Guillemin and Pollack define a focal point of a hypersurface $X \subset \mathbb{R}^n$ to be a critical value of the normal bundle map $h: N(X) \to \mathbb{R}^n$ defined by $h(x,v) =x+v$.
What does this really mean intuitively?
I'm asked to find the focal points of the parabola $y=x^2$ in $\mathbb{R}^2$. At any point $(x,x^2) \in X$ (the parabola), the normal to the tangent space should be the line $y= -x/2$. But I'm not sure where to go from here.
On
From Milnor's Morse Theory Chapter 6 (for an embeddeed submanifold $M \subseteq \mathbb{R}^n$), "a focal point of $M$ is a point in $\mathbb{R}^n$ where nearby normals intersect".
This intuition can be observed from the example worked out in Jiayu's answer for the parabola $y = x^2$. Compare the resulting curve with the original parabola to see this picture. Here are 2 more examples
For the $x$-axis embedded in $\mathbb{R}^2$, the normal bundle in $\mathbb{R}^2 \times \mathbb{R}^2$ looks like $$\{(x,0,0,\lambda) : x,\lambda \in \mathbb{R}\}$$ So the resulting "endpoint map" is the identity map $(x,\lambda) \mapsto (x,\lambda)$. Its Jacobian is the identity everywhere so this embedding has no focal points. This makes sense, as the normal spaces of points on the $x$-axis are parallel, so they never intersect.

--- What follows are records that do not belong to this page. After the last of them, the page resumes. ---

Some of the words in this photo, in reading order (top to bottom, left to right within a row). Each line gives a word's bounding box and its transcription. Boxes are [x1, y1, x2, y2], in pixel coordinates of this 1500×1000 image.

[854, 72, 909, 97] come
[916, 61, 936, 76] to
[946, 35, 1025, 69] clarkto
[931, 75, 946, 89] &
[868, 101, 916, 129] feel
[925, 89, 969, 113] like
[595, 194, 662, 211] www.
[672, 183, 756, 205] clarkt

For the unit circle in $\mathbb{R}^2$, we can parametrize it as $\theta \mapsto (\cos\theta, \sin\theta)$. In this case the normal bundle looks like $$\{(\cos\theta,\sin\theta,\lambda\cos\theta,\lambda\sin\theta)\}$$ In this case the determinant of the Jacobian works out to be $1+\lambda$, so the focal points are of the form $(\theta,\lambda=-1)$, but this is just the origin. This makes sense : at two nearby points (in fact for any pair of distinct points) on the circle, the orthogonal lines do meet at the origin.
The idea given by @Ted Shifrin is correct. I just give some illustration here.
The key point is to comprehend the derivative of the normal bundle map. Although it has a linear form, $dh_{x,v}$ is not equal to $h$ since the parametrization of $N(X)$ is not simply the identity( even though $dimN(X)=n$. See p.71 of Pollack). In order to clarify the structure of $dh_{x,v}$, let $x=(t,t^2)$. Then for $t\neq 1$, $v$ can be expressed as $s\cdot(1,-\frac{1}{2t})$, which implies $$ h(t,s)=(t,t^2)+(s,-\frac{s}{2t})=(t+s,t^2-\frac{s}{2t}) $$ In this form, the domain $h$ is set to be open in $R^2$, which leads to the derivative $$ dh_{t,s}=(1,1;2t+\frac{s}{2t^2},-\frac{1}{2t}) $$ Hence the critical point occurs iff $2t+\frac{s}{2t^2}+\frac{1}{2t}=0$. Incorporate it into $h(t,s)$, we know the critical value can be expressed as $$ h(t,s(t))=(t-(t+4t^3),t^2+\frac{t+4t^3}{2t})=(-4t^3,\frac{1}{2}+3t^2) $$ that is the curve we requires, with some appropriate modification on $t=0$.